Now that we have the compute power to deal with L1 it has come back with a vengeance and people have been researching its properties with renewed almost earnest. In fact there is a veritable revolution that's going on right now in the ML and stats world around it.
Just as optimizing the squared loss gives you conditional expectation, minimizing the L1 error gives you conditional median. The latter is to be preferred when the distribution has a fat tail, or is corrupted by outliers. This knowledge is no where close to being new. Gauss's peers knew this.
3 times yes: "The latter is to be preferred when the distribution [...] is corrupted by outliers."
I am working in chemoinformatics, the main methods used by the academics to regress parameters have not changed in the past 40 years even so we went from small carefully assessed data sets (think 200 experimental points) to larger (10000, sometimes millions) with a lot of outliers from data entry errors, experimental errors, etc.
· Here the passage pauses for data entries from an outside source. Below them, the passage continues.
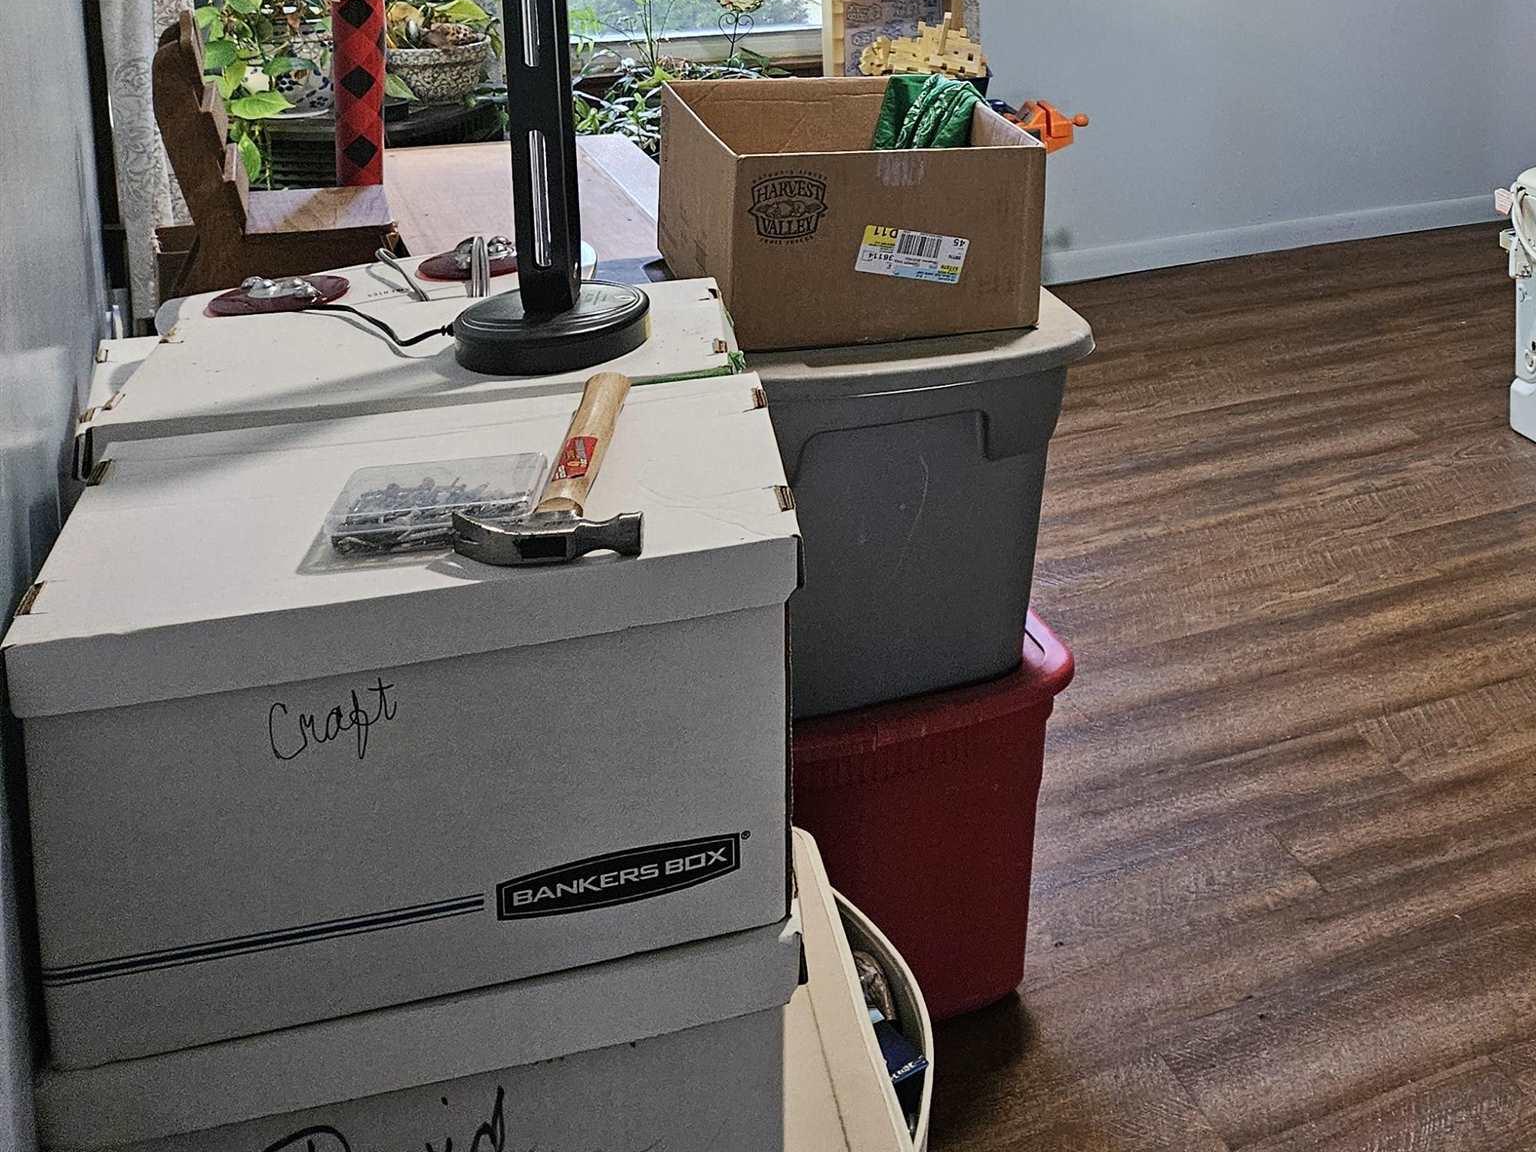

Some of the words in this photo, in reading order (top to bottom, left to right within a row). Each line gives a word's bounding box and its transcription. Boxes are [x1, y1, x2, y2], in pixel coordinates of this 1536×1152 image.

[757, 180, 822, 204] HARVEST
[761, 215, 818, 236] VALLEY
[268, 676, 397, 760] Craft
[512, 863, 659, 906] BANKERS
[665, 846, 729, 876] BOX
The end results is that when I see models of interest without the raw data, I reregress the parameters using my own datasets because most of the time you can barely trust them (even if coming from well known research centres).
> Gauss quite openly admitted that the choice was borne out of convenience.
That's quite interesting. Do you have a reference for that?
From my understanding, the popularity of the least squares method came (at least in part) from Gauss' successful prediction of the position of Ceres. Was this just because people not using least squares were not able to calculate it?
It's in the original paper in which he derives the normal distribution. Well worth a read. I last had a copy of it in the fourth basement down in the university library about fifteen years ago - it might be still there.
Not disagreeing with your points about L1 but I want to point out that you can also do things to make L2 more robust to outliers (and have better empirical performace), such as winsorizing the data.
I think just historically it's interesting. Every statistician was using OLS before computers because they could solve it with pen and paper, so when computers came out it was ported over. But with computers you can minimize any loss function.
However it is useful to have a closed form solution because it guarantees you actually minimized it. Other strategies to minimize functions don't guarantee that but they're still extremely useful.